The consolidated financial statements include Stifel Financial Corp. and its wholly owned subsidiaries, principally Stifel, Nicolaus & Company, Incorporated (“Stifel”), Keefe, Bruyette & Woods, Inc., and Stifel Bank & Trust (“Stifel Bank”). All material intercompany balances and transactions have been eliminated. Unless otherwise indicated, the terms “we,” “us,” “our,” or “our company” in this report refer to Stifel Financial Corp. and its wholly owned subsidiaries.

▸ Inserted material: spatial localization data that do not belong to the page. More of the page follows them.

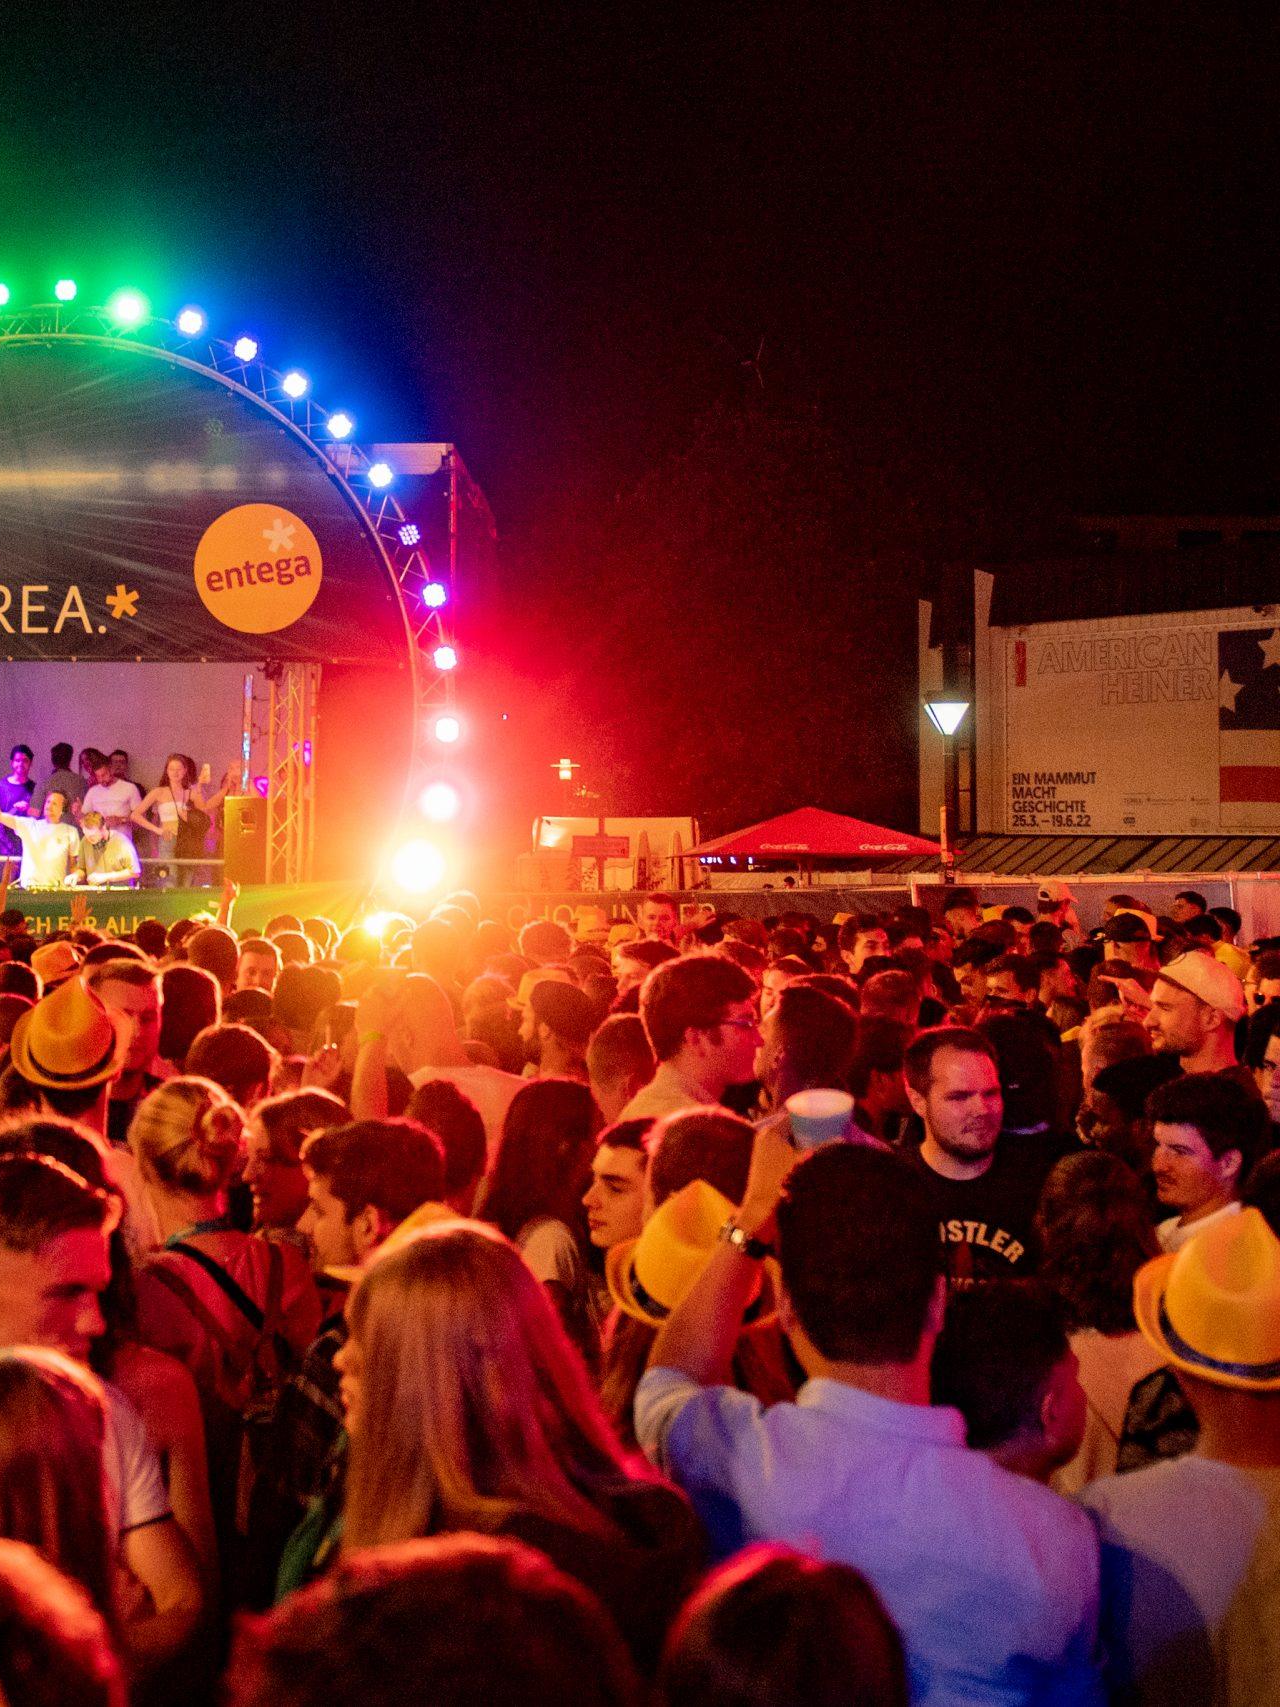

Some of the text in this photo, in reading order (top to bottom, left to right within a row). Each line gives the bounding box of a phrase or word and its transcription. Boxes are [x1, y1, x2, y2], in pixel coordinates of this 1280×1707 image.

[205, 554, 313, 592] entega
[1036, 631, 1214, 675] AMERICAN
[1100, 668, 1217, 705] HEINER
[1012, 771, 1096, 785] EIN MAMMUT
[1012, 786, 1057, 799] MACHT
[1012, 800, 1086, 813] GESCHICHTE

We have prepared the accompanying unaudited consolidated financial statements pursuant to the rules and regulations of the Securities and Exchange Commission (the “SEC”). Pursuant to these rules and regulations, we have omitted certain information and footnote disclosures we normally include in our annual consolidated financial statements prepared in accordance with U.S. generally accepted accounting principles. In management’s opinion, we have made all adjustments (consisting only of normal, recurring adjustments, except as otherwise noted) necessary to fairly present our financial position, results of operations and cash flows. Our interim period operating results do not necessarily indicate the results that may be expected for any other interim period or for the full fiscal year. These financial statements and accompanying notes should be read in conjunction with the consolidated financial statements and the notes thereto in our Annual Report on Form 10-K for the year ended December 31, 2017 on file with the SEC.

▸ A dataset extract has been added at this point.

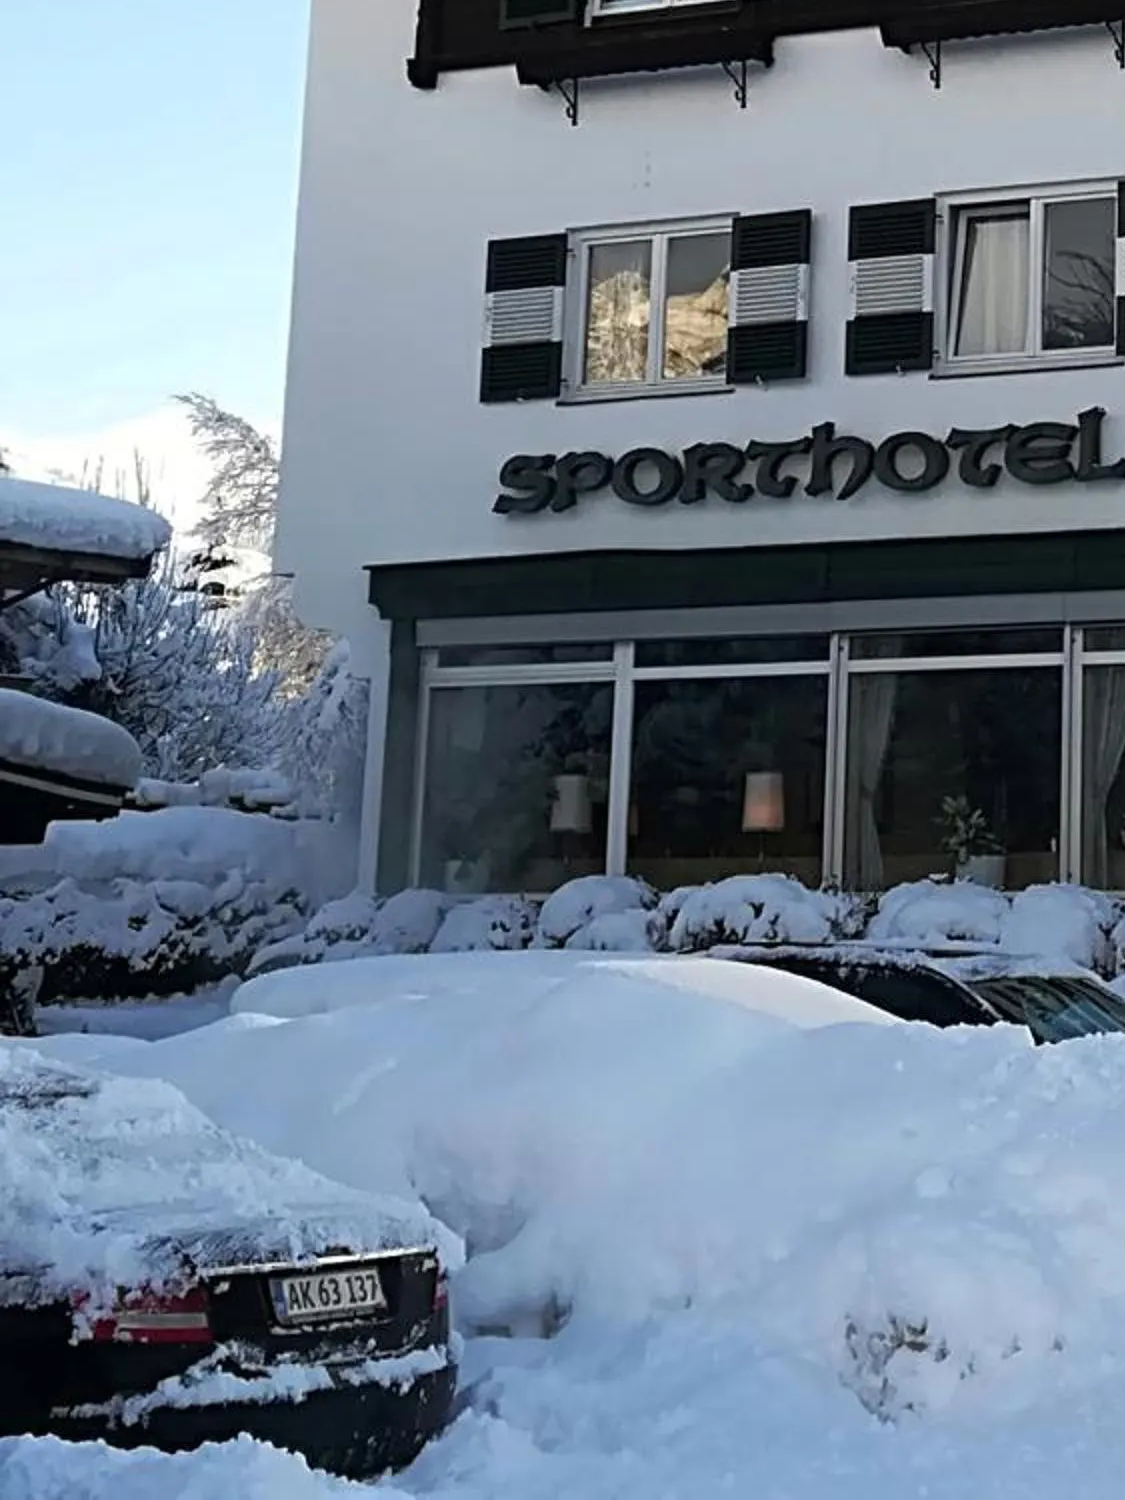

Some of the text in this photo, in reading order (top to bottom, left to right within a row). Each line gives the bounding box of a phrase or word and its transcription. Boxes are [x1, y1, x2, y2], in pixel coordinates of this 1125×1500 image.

Certain amounts from prior periods have been reclassified to conform to the current period’s presentation. The effect of these reclassifications on our company’s previously reported consolidated financial statements was not material.

Summary of Significant Accounting Policies

For a detailed discussion about the Company’s significant accounting policies, see Note 2, Summary of Significant Accounting Policies, in our consolidated financial statements included in Part II, Item 8 of our Annual Report on Form 10-K for the year ended December 31, 2017.

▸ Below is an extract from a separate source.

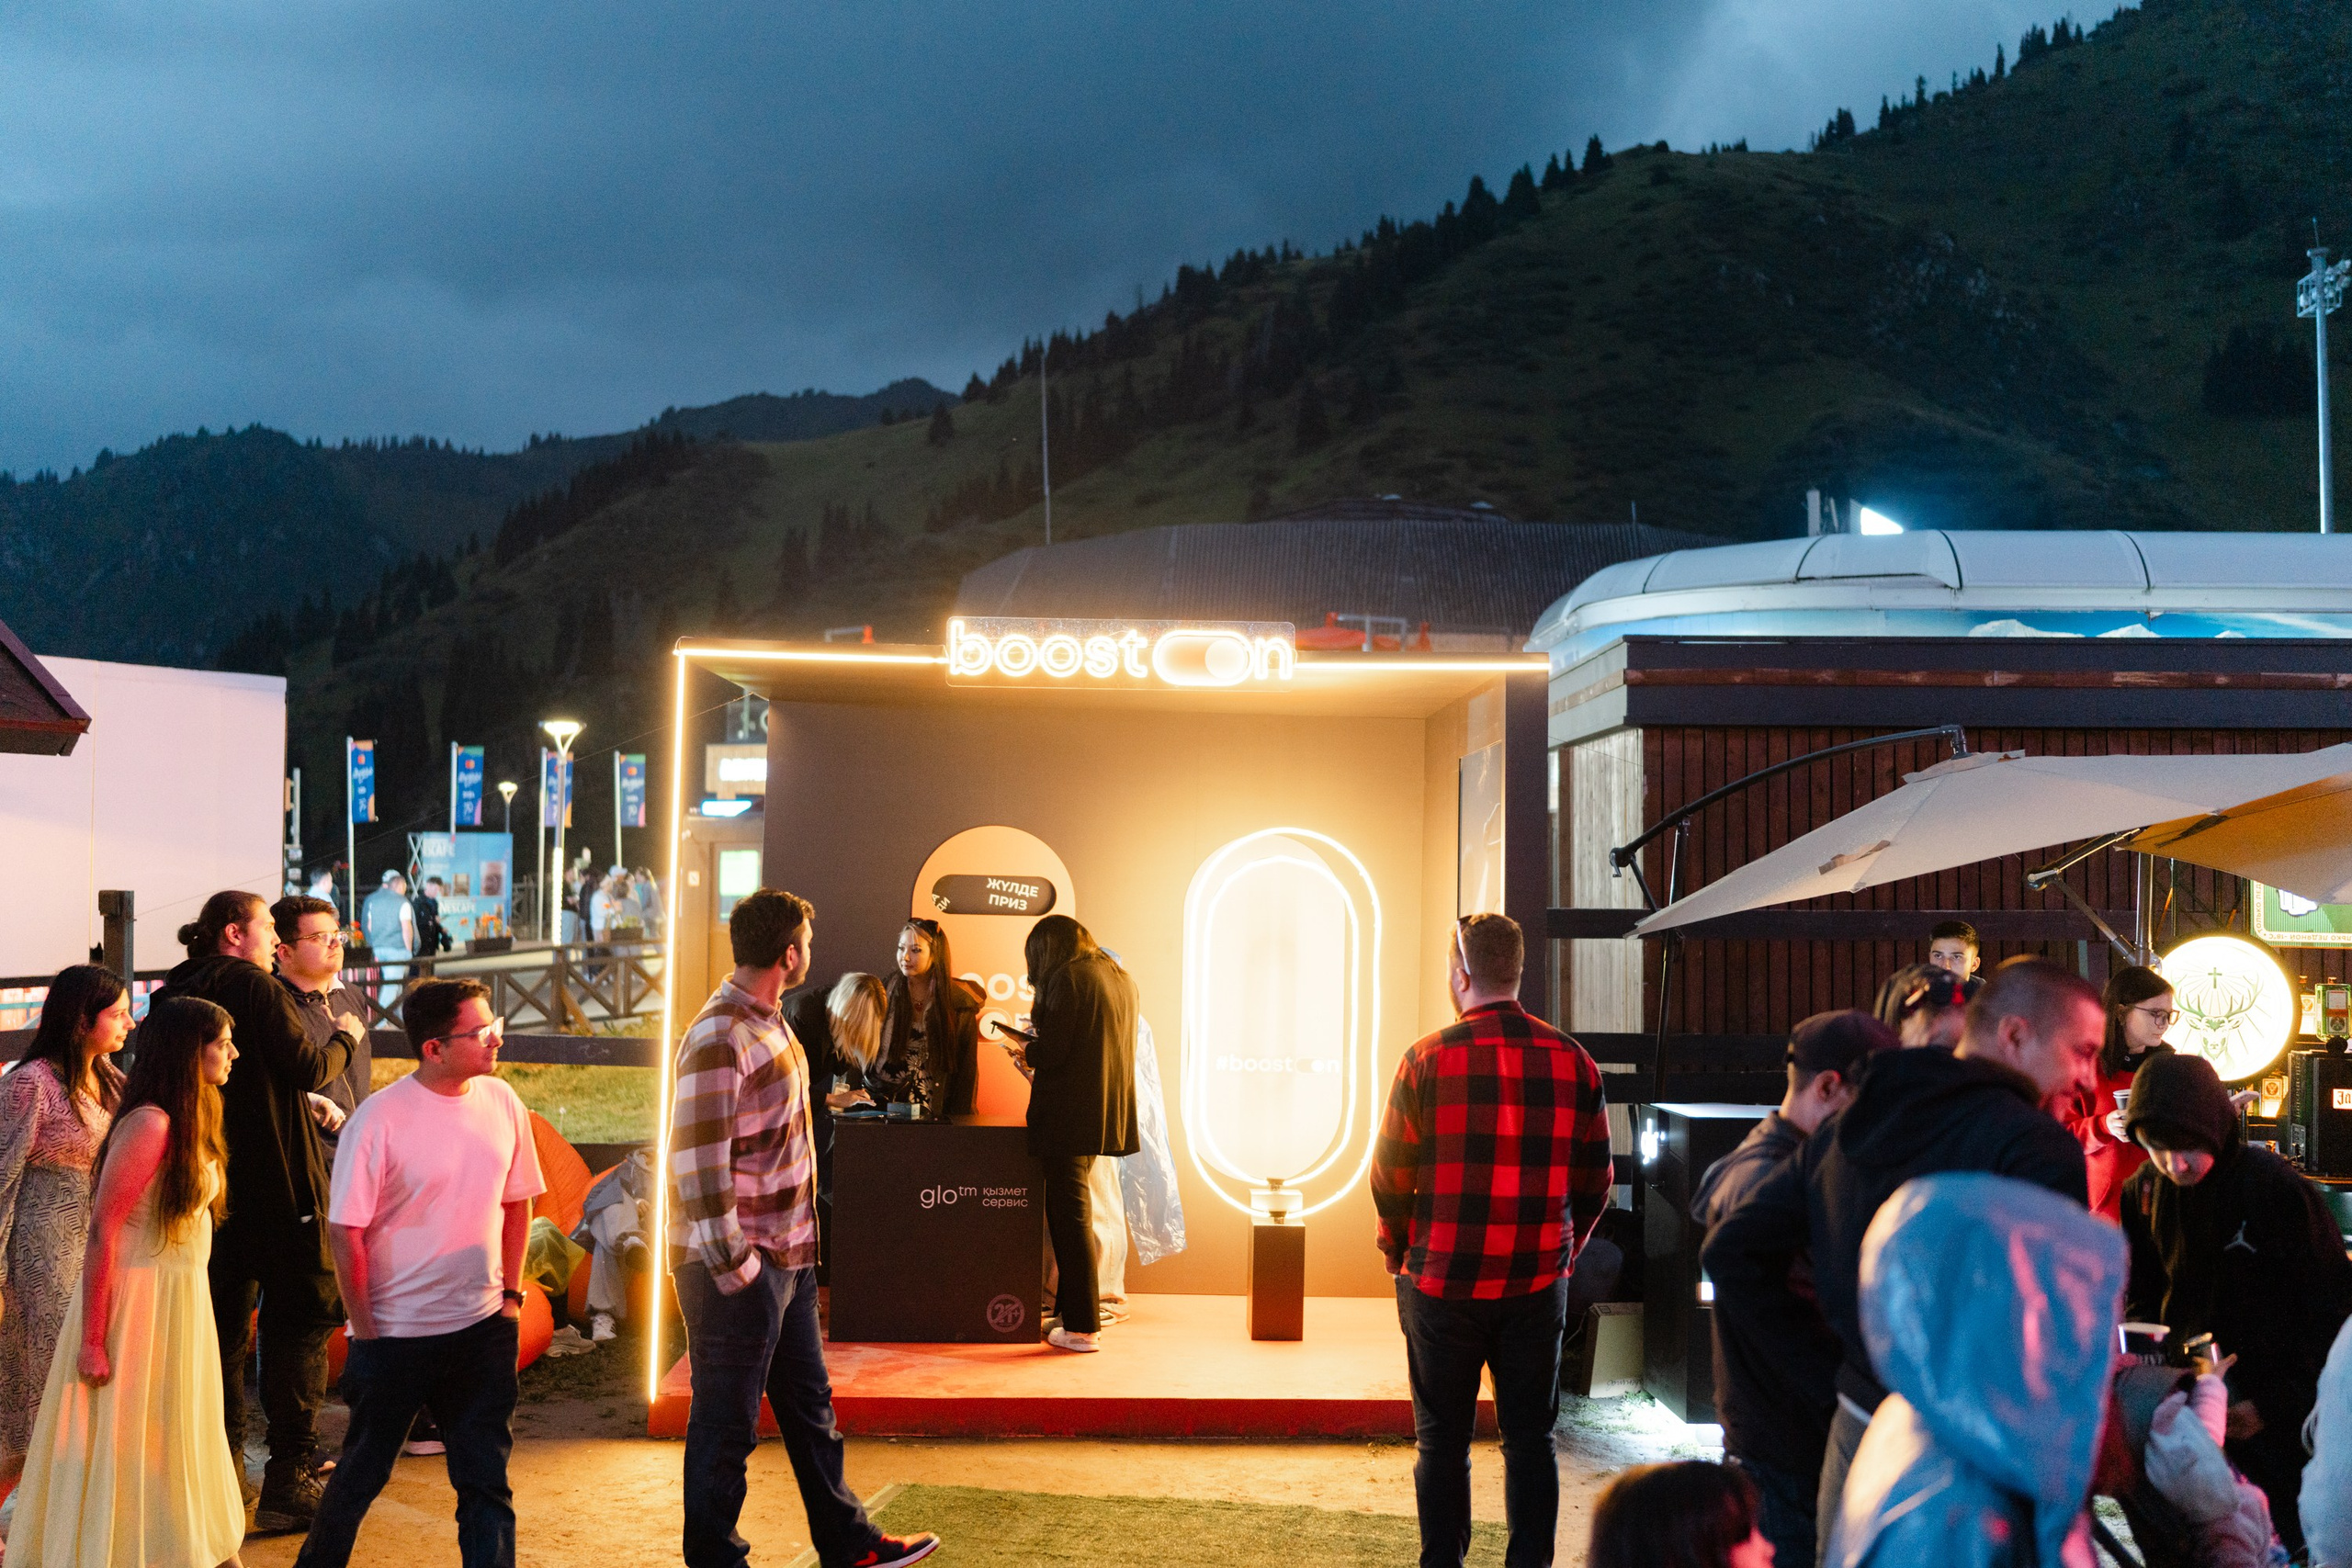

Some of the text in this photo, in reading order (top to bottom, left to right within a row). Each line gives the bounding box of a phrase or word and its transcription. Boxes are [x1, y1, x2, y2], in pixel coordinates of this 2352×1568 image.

Other than the following, there were no significant changes made to the Company’s significant accounting policies. The accounting policy changes are attributable to the adoption of the Financial Accounting Standards Board (“FASB”) Accounting Standards Update (“ASU”) No. 2014-09, Revenue from Contracts with Customers (the “new revenue standard” or “ASU 2014-09”) on January 1, 2018. These revenue recognition policy updates are applied prospectively in our consolidated financial statements from January 1, 2018. Reported financial information for the historical comparable period was not revised and continues to be reported under the accounting standards in effect during the historical periods.

The new revenue standard primarily impacts the following revenue recognition and presentation accounting policies of our company:

Investment Banking Revenues

Advisory fees from mergers and acquisitions engagements are recognized at a point in time when the related transaction is completed, as the performance obligation is to successfully broker a specific transaction.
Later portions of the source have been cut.